(1930) Bibliothèque universelle et Revue de Genève, articles (1925–1930) « Ernest Seillière, Alexandre Vinet, historien de la pensée française (octobre 1929) » pp. 1197-1198
[p. 1197]

Ernest Seillière, Alexandre Vinet, historien de la pensée française (octobre 1929) k

Peut-être n’est-il pas trop tard pour parler du Vinet de M. Seillière, de ce nouveau chapitre qu’il vient d’ajouter à sa grande étude sur les rapports du christianisme et du romantisme. M. Seillière cherchait dans l’époque romantique un témoin dont le jugement eut « l’autorité d’un verdict essentiellement chrétien sur le mysticisme naturiste ». Il ne pouvait trouver mieux que Vinet. Et j’imagine son étonnement à découvrir dans l’œuvre du penseur vaudois la substance originale de la plupart des idées dont lui-même s’est fait le moderne champion. Pour ce qui concerne le Vinet juge des romantiques, il n’a pas eu trop de peine à l’annexer à son propre corps de doctrines critiques. Dirai-je pourtant que je crains qu’il n’ait été incité parfois, et presque inconsciemment, à gauchir légèrement la pensée de Vinet pour lui ajuster sa terminologie particulière ? Mais par ailleurs Vinet déborde le « sellièrisme » de tout son mysticisme protestant. Et cela n’est pas sans gêner M. Seillière.
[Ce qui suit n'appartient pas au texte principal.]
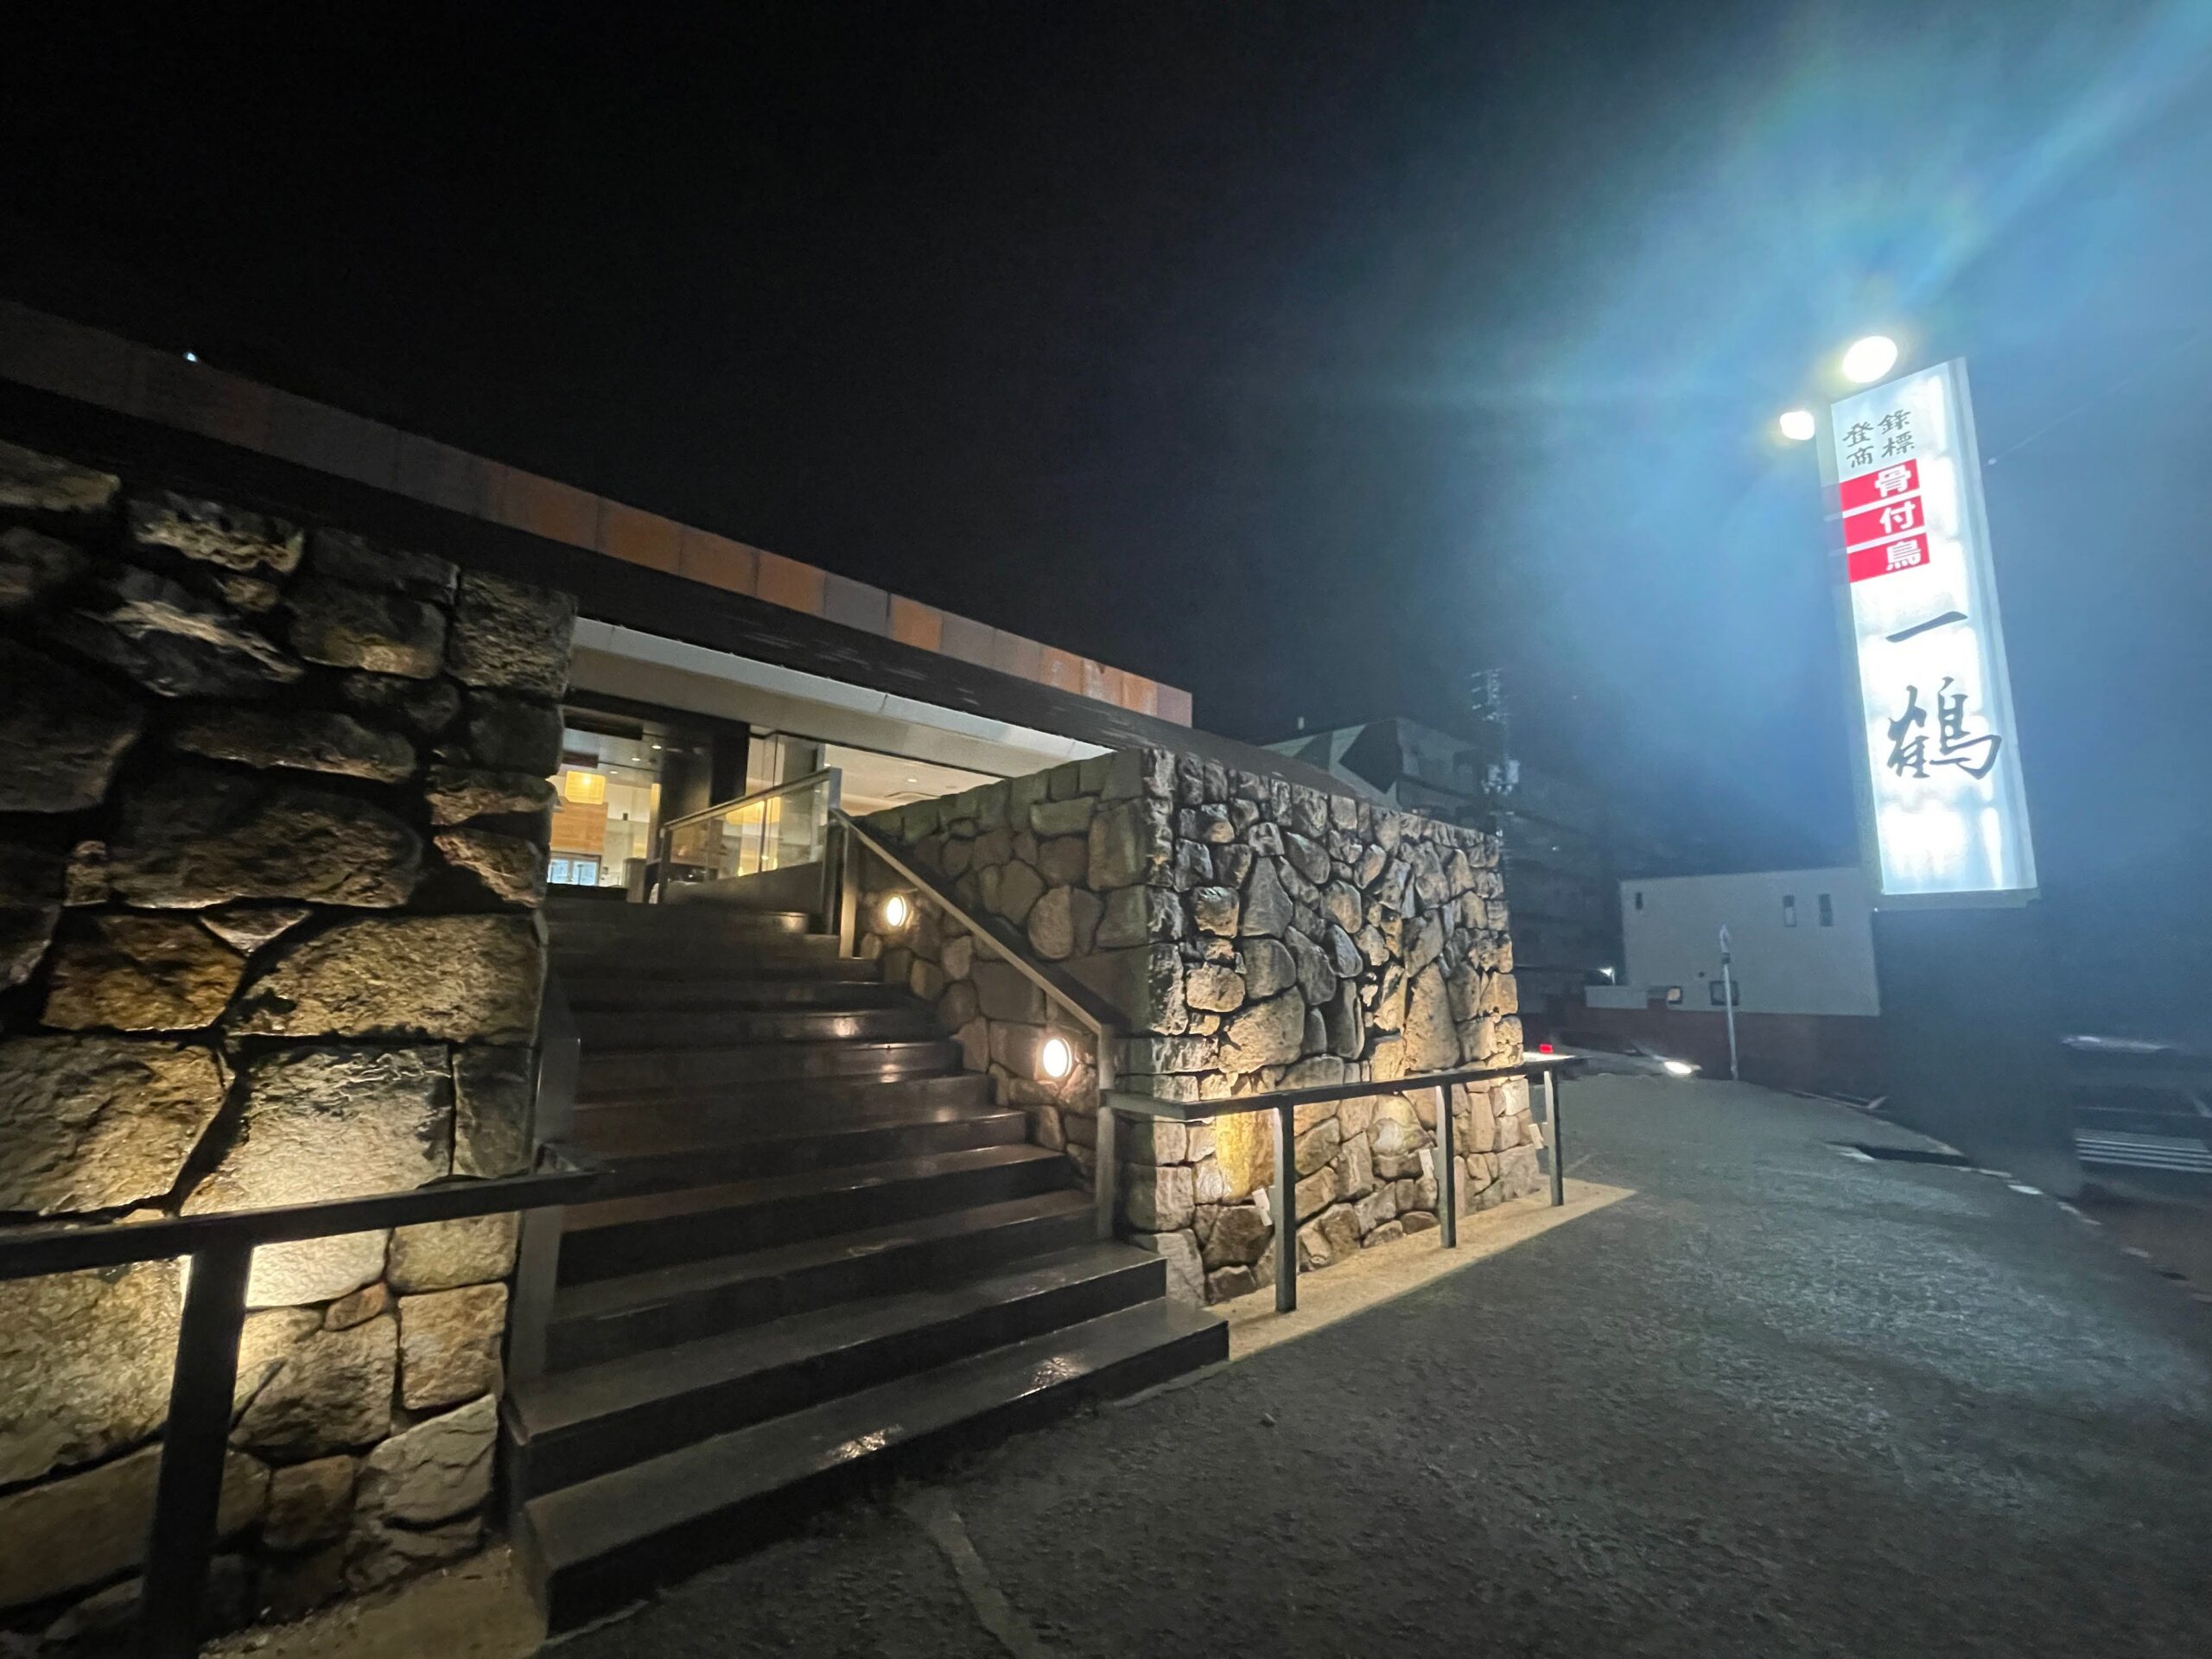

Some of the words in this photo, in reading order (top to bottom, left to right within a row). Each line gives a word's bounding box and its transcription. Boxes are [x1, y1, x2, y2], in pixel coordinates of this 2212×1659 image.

[1847, 431, 1915, 468] 商標
[1874, 464, 1922, 571] 骨付鳥
[1885, 611, 2002, 780] 一鶴
C’est peut-être pourquoi il insiste sur le fait que Vinet se déclarait « un chrétien sans épithète ». Croit-il éluder [p. 1198] ainsi le protestantisme de Vinet ? Ne voit-il pas que rien n’est plus protestant qu’une telle attitude ?

Mais ces réserves sont de peu d’importance si l’on songe au service que M. Seillière nous rend en réintroduisant dans l’actualité la plus brûlante les richesses intellectuelles et morales du grand vaudois. Vraiment, tout ce qui semble viable et humain dans la critique moderne du romantisme, Vinet l’avait trouvé. Mais sa position purement chrétienne — un mysticisme de cadre solidement moral, c’est-à-dire rationnel, dit M. Seillière — me paraît infiniment plus forte que celle d’un Maurras ou que celle d’un Maritain. Son unité est plus réellement profonde, son point d’appui plus central. Pour notre époque déchirée entre un thomisme et un nihilisme exaspérés, pour notre nouveau mal du siècle, il n’est peut-être pas de pensée plus vivante, ni de plus tonique que celle de ce « Pascal protestant ».